Fort Carson ‘Raiders’ head off to war again
Author: Jakob Rodgers, The Gazette - May 7, 2018 - Updated: May 7, 2018
COLORADO SPRINGS — Col. Monté Rone knows well the legacy entrusted to the care of his soldiers — the fact that his brigade, the “Raiders,” have long been the nation’s first into battle.
But now, he’s tasked with helping bring the United States closer to ending its longest-running war.
A drumbeat of deployments to Afghanistan continued Sunday, as the post’s 1st Brigade Combat Team formally bid farewell to Colorado Springs. Led by Rone, they left for a war zone swelling with Fort Carson soldiers – many of whom will be asked to help train Afghan forces and move the needle on a war entering its 17th year.
“Our formation is fit, inspired, disciplined and ready,” Rone said.
They join the 4th Infantry Division’s 2nd Brigade Combat Team, which shipped out earlier this spring. And later this year, the division’s headquarters will head over as well, commanded by Maj. Gen. Randy George.
Each will try to end a conflict that has spanned three White House administrations.
President Donald Trump vowed to ease restrictions on U.S. troops and allow them greater flexibility to fight the Taliban. During a recent visit to the post’s 2nd Brigade Combat Team in Kandahar – a key insurgent hub in the nation’s south – U.S. Sen. Cory Gardner said those new rules of engagement are working.
“They are talking about how the Taliban is facing elimination,” the Colorado Republican said. “The new authorities are allowing us to take the fight to them.”
Even so, the tempo of those firefights have slowed in recent years as Afghan soldiers assume more responsibility in defending their country, said Lt. Col. David Uthlaut commander of the 1st Brigade’s 4th Battalion of the 9th Infantry Regiment.
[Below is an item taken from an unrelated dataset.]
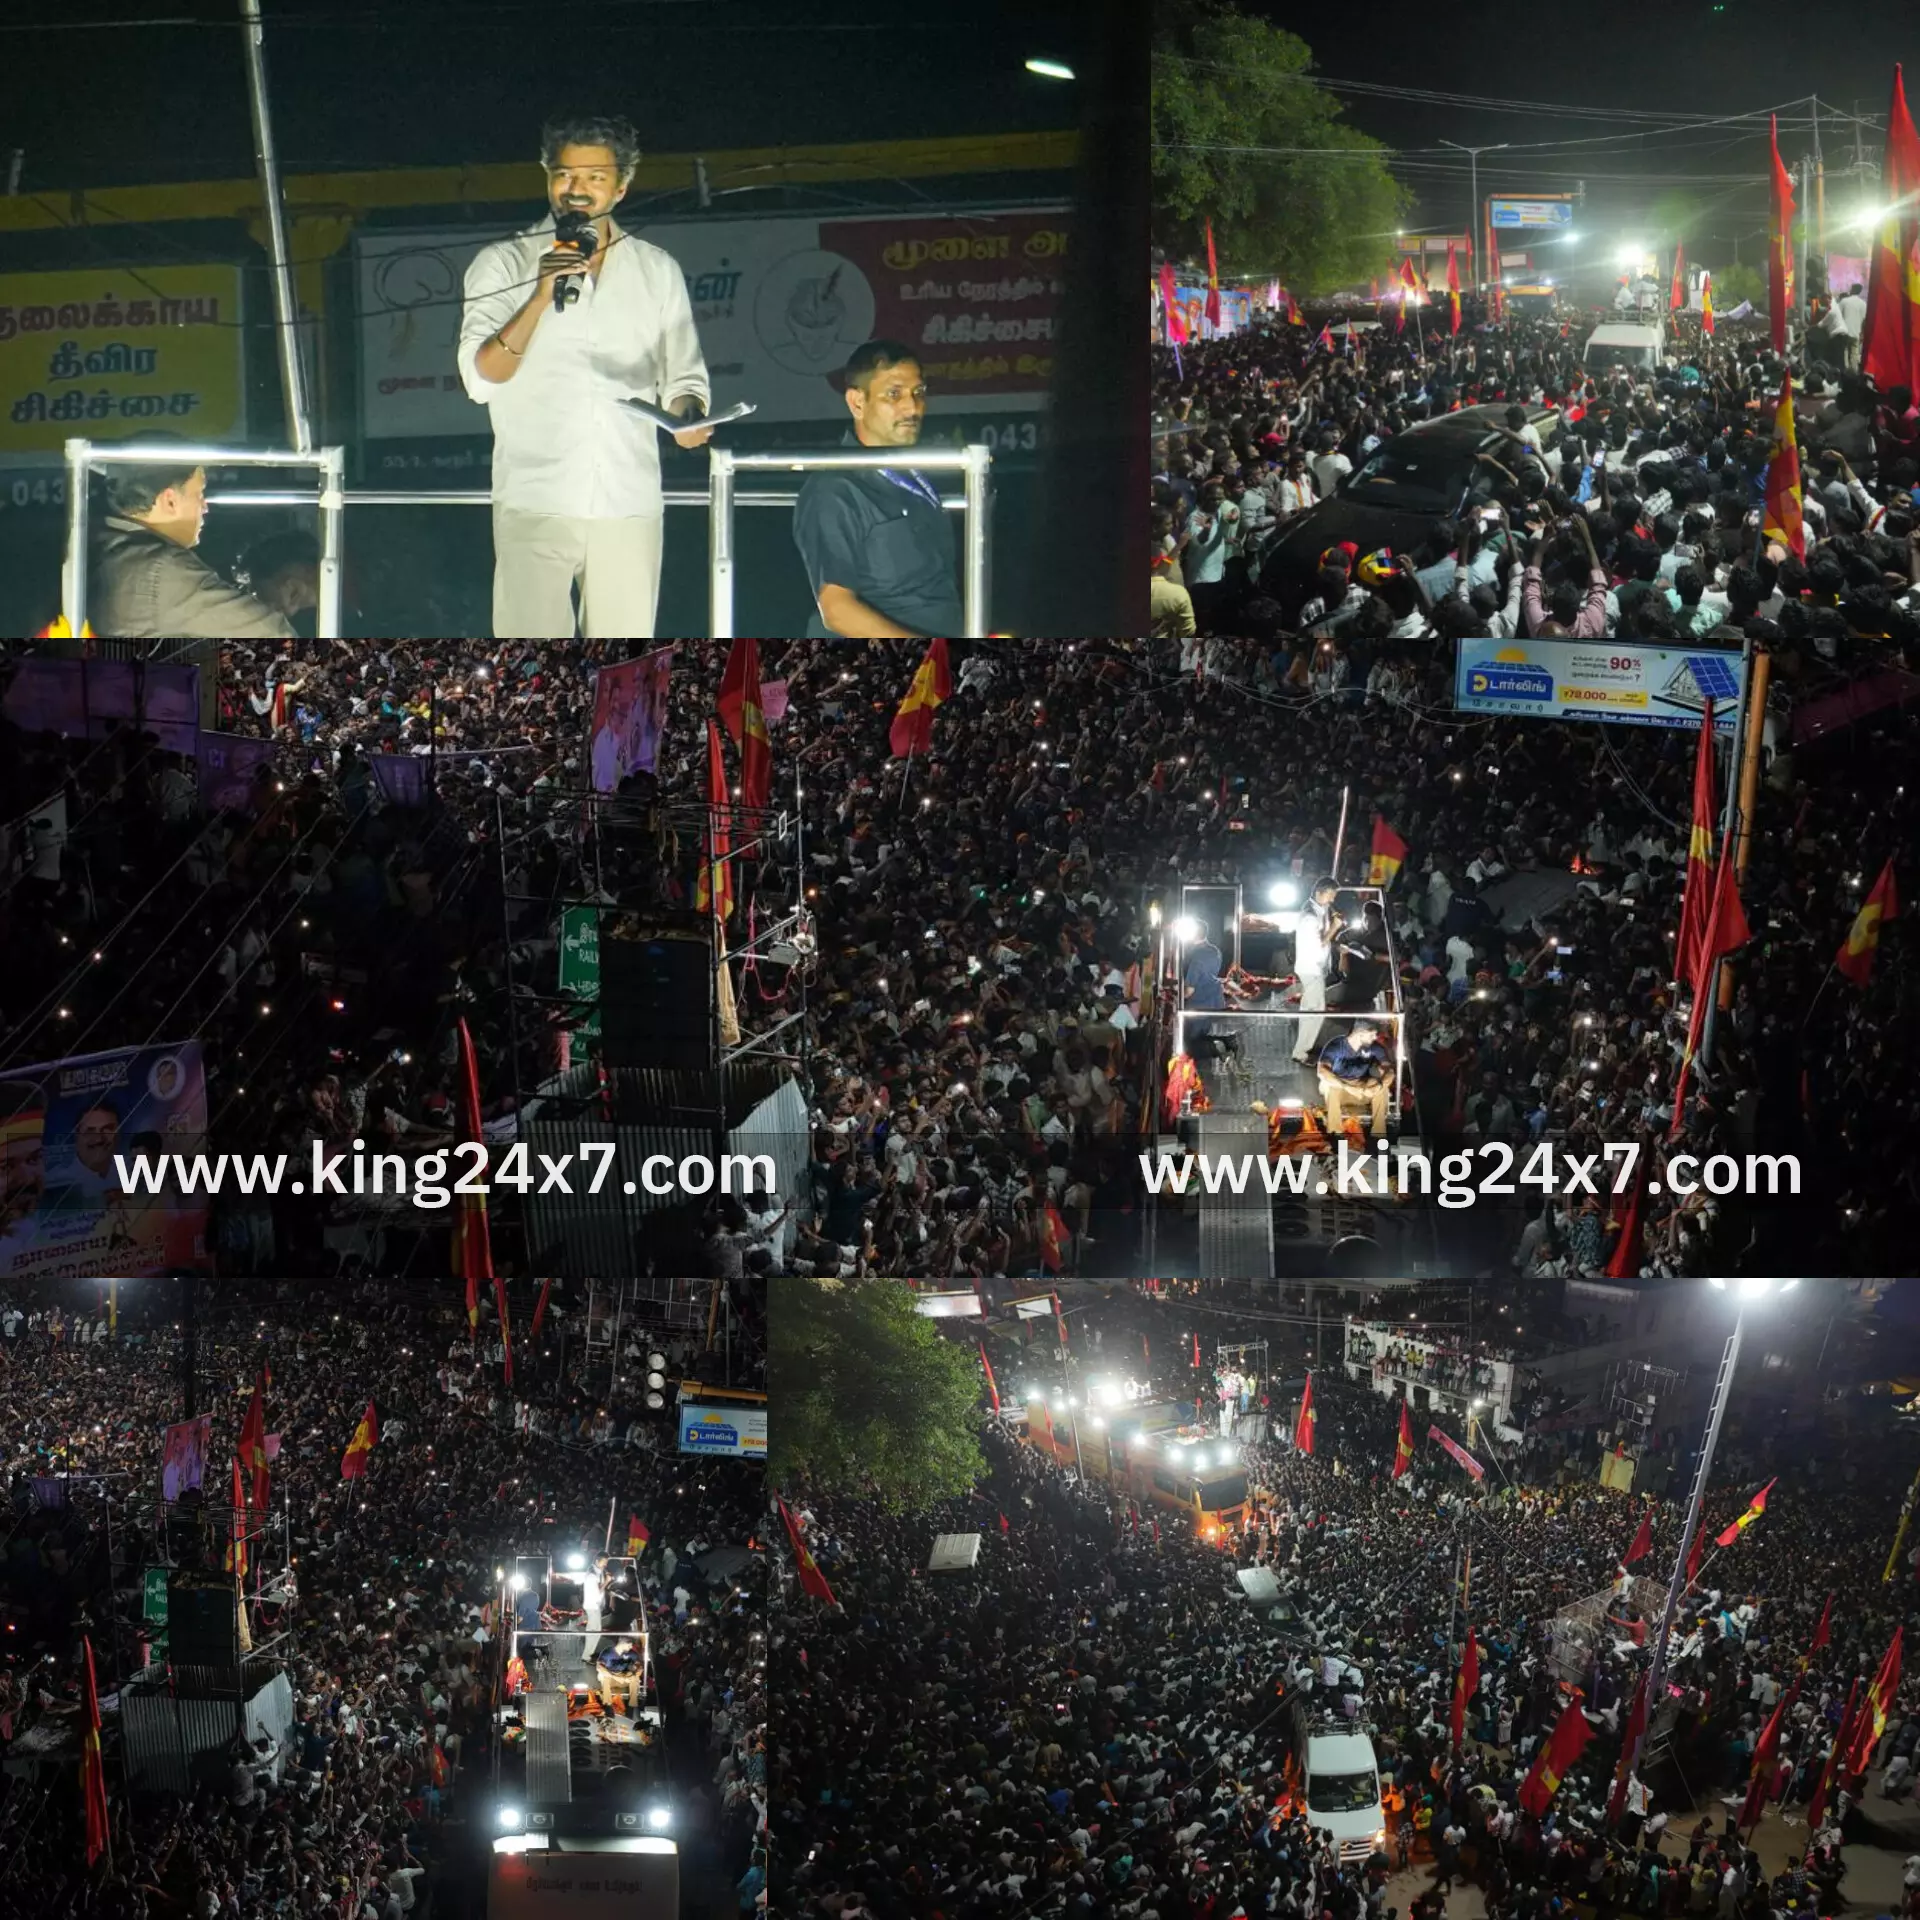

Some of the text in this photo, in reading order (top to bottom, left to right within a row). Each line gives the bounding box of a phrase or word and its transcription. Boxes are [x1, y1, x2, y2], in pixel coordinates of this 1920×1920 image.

Having already deployed to Afghanistan, Uthlaut said the nation barely resembles the war zone he first encountered 15 years ago. Now, Afghan forces are doing the work that, for more than a decade, had been assigned to American troops.
“They’ve really taken ownership of not just the security of each of their provinces … but really seem to be taking pride in that ownership,” said Uthlaut.
Still, the nation faces deep instability. Parliamentary elections are planned for the fall, and the Taliban, ISIS and other factions have led several deadly attacks in recent months – many targeting civilians in the nation’s capital of Kabul.
Most of the 1st Brigade’s soldiers have never seen war, but they’ll be led by a cadre of combat-hardened veterans with multiple deployments to Afghanistan and Iraq.
Waiting quietly to board the plane with Rone, Staff Sgt. Andrew Snow, 31, called the upcoming tour “bittersweet.”
A career infantryman, his voice rose in excitement at the prospect of heading overseas once more. But, he acknowledged, it comes at a cost.
Just three weeks ago, he watched the birth of his third child, Luke.
And he knows exactly what he’ll miss in the coming months, having last deployed in 2015, a mere eight weeks after the birth of his daughter.
“It was a little harder saying goodbye this time,” Snow said.
Moments later, Snow hopped up the tarmac and onto the plane. Rone followed, leading a short and to-the-point farewell ceremony that invoked his unit’s history.
Fort Carson’s 1st Brigade Combat Team has long been the first unit called into battle – earning their nickname as the first Americans to see action in World War I. More recently, the 1st Brigade became known for capturing Saddam Hussein in 2003 in Iraq.
“We are ready, sir,” said Command Sgt. Maj. Charles Tennant.
They carefully rolled up the brigade’s flag, slid it into a canvas sleeve and made for the war zone.